Detailed experimental procedures were previously described [28]. Mice were habituated to the rotarod apparatus (LE8200, Harvard apparatus) slowly accelerated from 4 to 20 rpm over 11 min for two days. On the test day, the rod was accelerated from 4 to 40 rpm over 5 min and the latency to fall off the rod was recorded. The test was replayed for 3 days and the average time to fall was analyzed.

Statistical analysis

Data were analyzed followed procedures previously defined [29]. Statistical comparisons were made by using unpaired t-test for pairwise comparison and one-way or two-way ANOVA for multiple comparisons with appropriate post-hoc tests. In all cases, statistical significance was represented by *p<0.05, **p<0.01 and ***p<0.001. All data shown are mean±SEM. All the data were analyzed by using a software (GraphPad Prism 5).

Generation of Vps13b mutant mice

To model VPS13B-assoaicted disorders in rodent, we generated a Vps13b exon 2 deletion mutant mouse by using CRISPR/Cas9 system [30]. Single guide RNAs (sgRNAs) targeting the exon 2 of the Vps13b gene containing the start codon were injected into the mouse embryos (C57BL/6N background) together with Cas9 mRNA. Deletion mutants were screened by the mismatch sensitive nuclease assay and the deletions were found in 9 out of 17 mice. We selected a line harboring a 156 bp deletion around the start codon by performing Sanger sequencing (Fig. 1A). Genotypes were confirmed by PCR in which three genotypes were clearly distinguished (Fig. 1B). Heterozygous mice were crossed each other to obtain wild type (WT), heterozygous and homozygous mutant mice. We confirmed that the exon 2 is deleted in Vps13b mRNA in the hippocampus of Vps13b2/ mice, while the transcript level is reduced by half in Vps13b2+/ mice (Fig. 1C). We found that other exons are normally expressed (Fig. 1D and 1E), suggesting that the deletion of exon 2 does not decrease the stability of the mutant mRNA.

Hypoactivity and impaired motor coordination in Vps13b2/ mice

We investigated the behavioral phenotypes of the Vps13b2/ mice in a series of analyses.

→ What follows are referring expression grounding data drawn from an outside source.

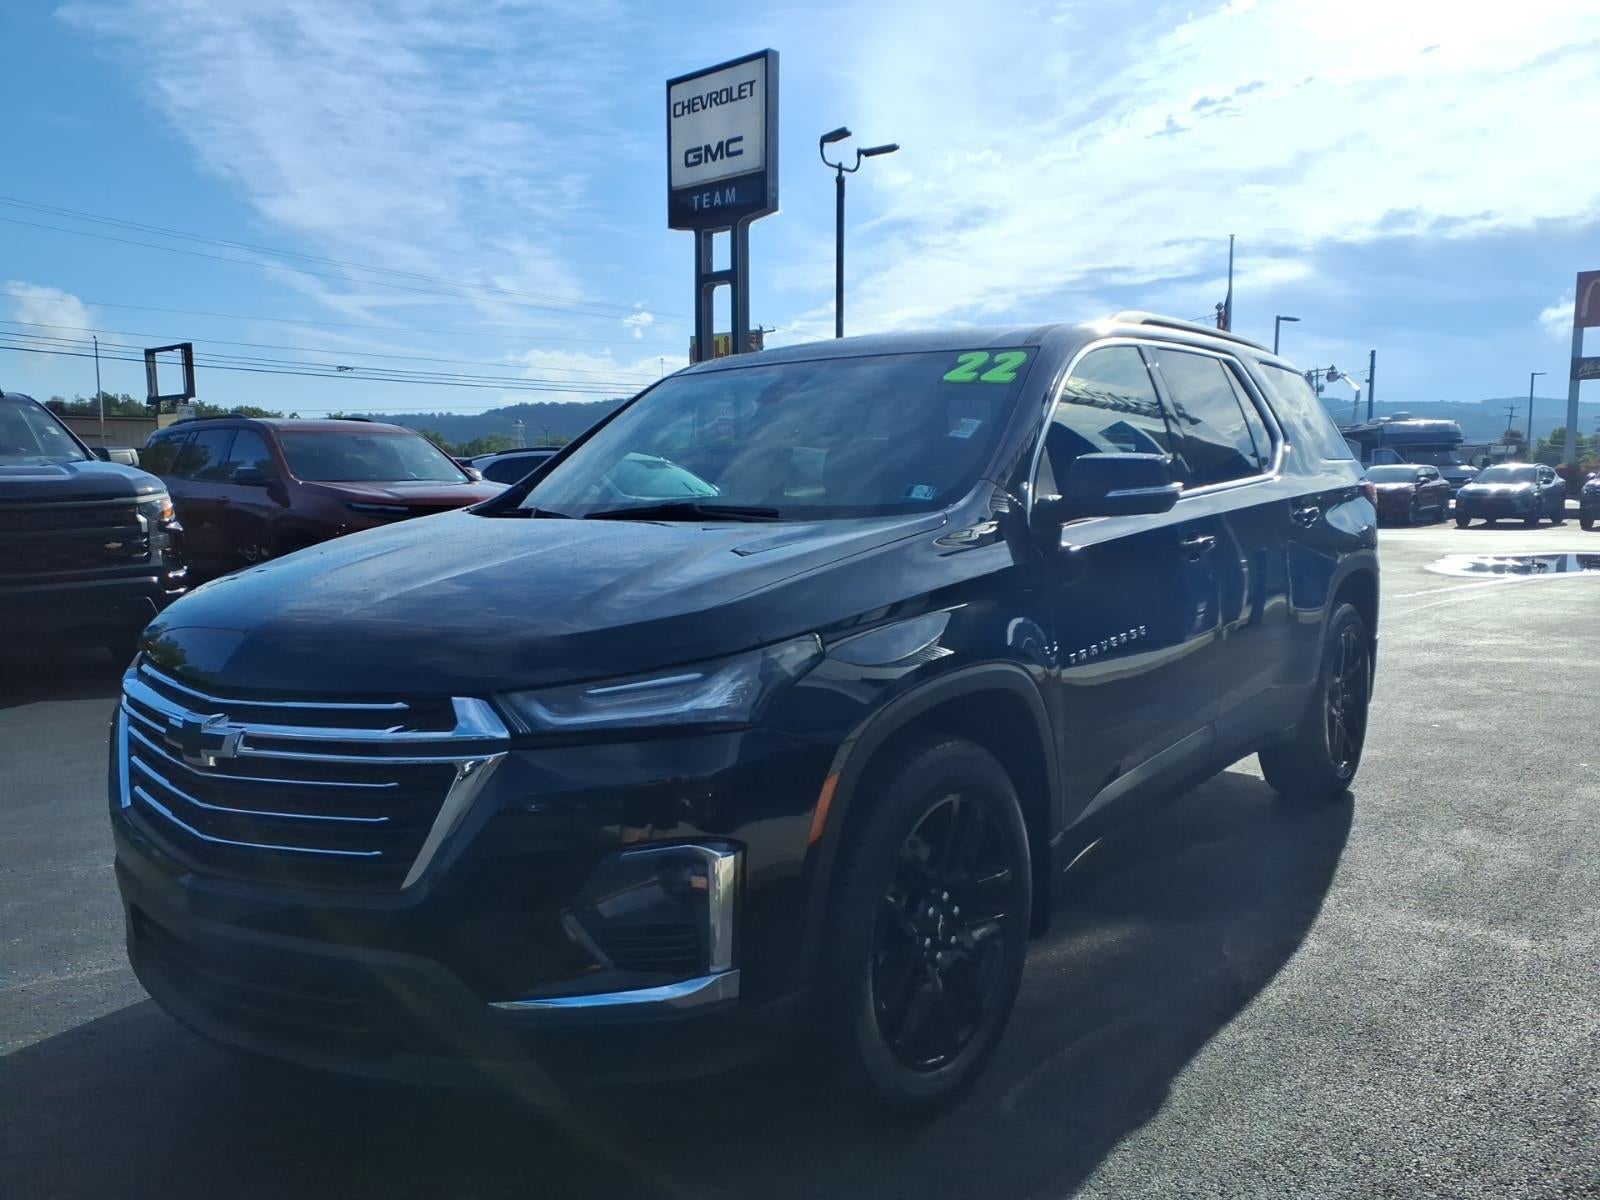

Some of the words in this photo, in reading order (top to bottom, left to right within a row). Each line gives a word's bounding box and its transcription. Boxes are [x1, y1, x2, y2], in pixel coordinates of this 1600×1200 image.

[673, 79, 756, 118] CHEVROLET
[684, 135, 743, 168] GMC
[692, 187, 736, 211] TEAM
[943, 351, 1027, 383] 22
[1069, 625, 1147, 664] TRAVERSE

Firstly, mice were subjected to open field test to examine the basal motor activity (Fig. 2A~C). Vps13b2/ mice travelled the less distance during the test under dim light than WT littermates, suggesting that the Vps13b2/ mice might be hypoactive (Fig. 2A and 2B). The time spent in the peripheral and the center of the arena were not different between genotypes, suggesting that the mutant mice show comparable anxiety level to WT littermates (Fig. 2C). Anxiety-like behavior was further examined in zero maze and light-dark box, where Vps13b2/ and WT mice showed comparable performance, confirming that Vps13b2/ mice show normal anxiety-related behaviors (Fig. 2D and 2E). To evaluate the motor coordination, the mice were tested on the accelerating rotarod. Vps13b2/ mice fell off earlier than WT mice, suggesting that the motor coordination is impaired in Vps13b2/ mice compared to WT littermates (Fig. 2F).

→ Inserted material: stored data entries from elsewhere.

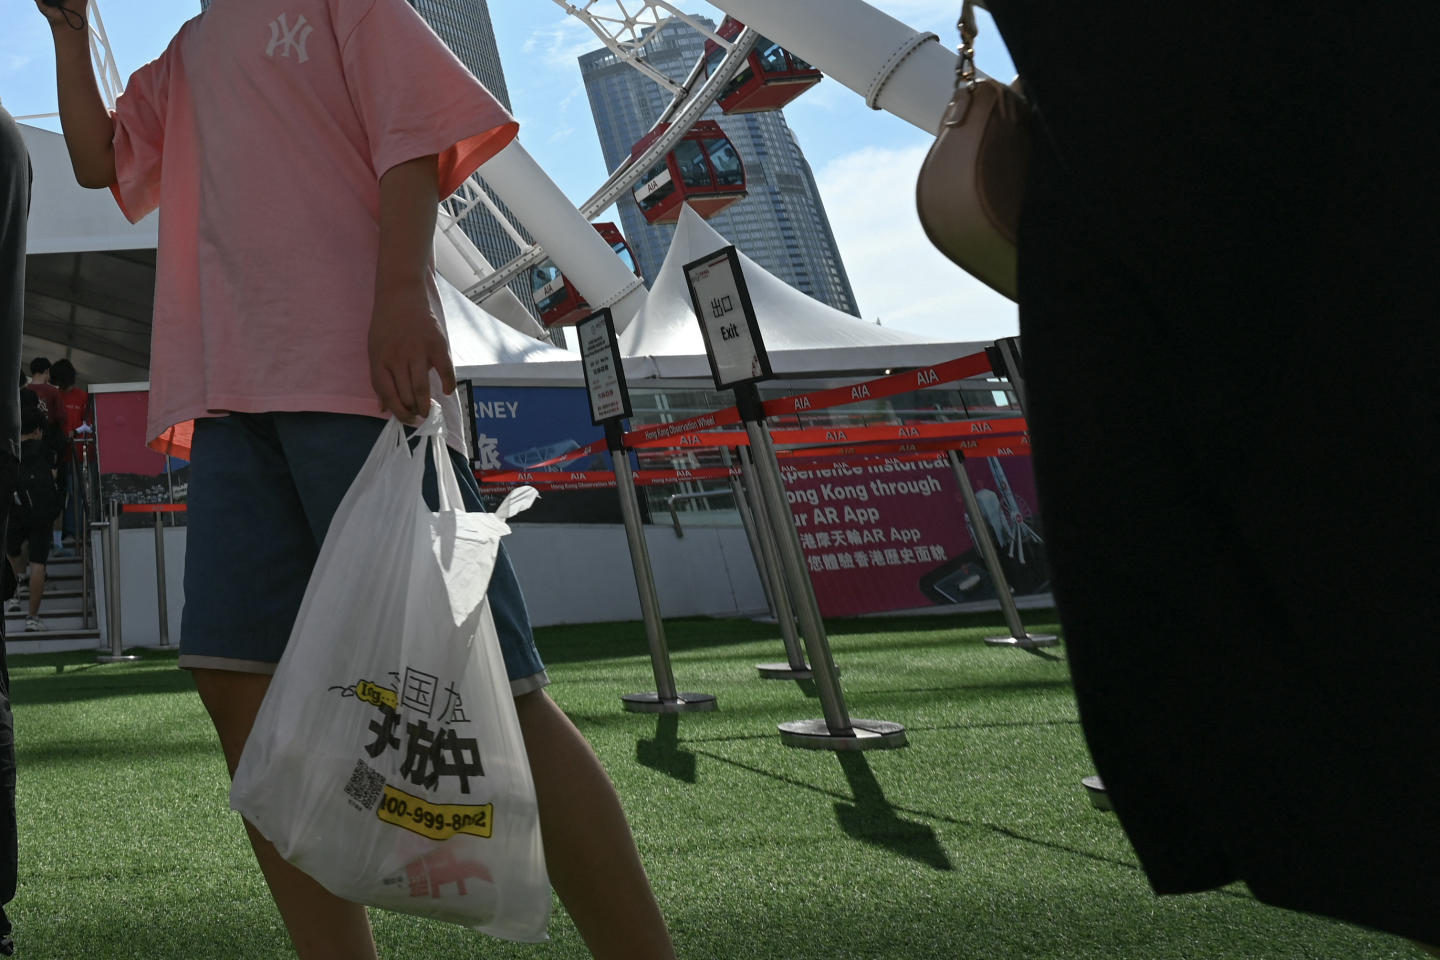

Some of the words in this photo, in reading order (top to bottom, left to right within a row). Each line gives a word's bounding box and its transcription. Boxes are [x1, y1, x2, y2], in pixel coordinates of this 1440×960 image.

[265, 12, 314, 64] NY
[647, 180, 659, 192] AIA
[544, 283, 554, 297] AIA
[710, 295, 734, 319] 出口
[720, 323, 740, 341] Exit
[794, 396, 811, 411] AIA
[851, 384, 871, 400] AIA
[917, 368, 940, 386] AIA
[696, 415, 716, 428] Wheel
[680, 435, 701, 445] AIA
[825, 430, 848, 441] AIA
[898, 427, 920, 438] AIA
[970, 422, 992, 433] AIA
[960, 440, 978, 449] AIA
[997, 447, 1015, 456] AIA
[517, 472, 535, 481] AIA
[570, 472, 587, 481] AIA
[676, 470, 692, 478] AIA
[786, 488, 820, 505] ong
[820, 483, 869, 502] Kong
[870, 474, 942, 497] through
[814, 506, 841, 526] AR
[844, 505, 881, 525] App
[890, 526, 922, 544] App

Impaired spatial learning in Vps13b2/ mice

We examined the Vps13b2/ mice in different types of learning and memory tests (Fig. 3). Working memory was assessed in Y-maze task, where the normal mice show spontaneous alterations among three arms (Fig. 3A). Vps13b2/ mice showed the percentage of alteration comparable to that of WT littermates, suggesting that working memory assessed in Y maze is intact in the mutant mice (Fig. 3A). Hippocampus-dependent associative memory was assessed by using contextual fear conditioning paradigm (Fig. 3B). The freezing levels were comparable between genotypes when the memory was tested either 1 day or 4 weeks after training, showing the recent (1 day) and the remote (4 weeks) contextual fear memory are intact in Vps13b2/ mice (Fig. 3B).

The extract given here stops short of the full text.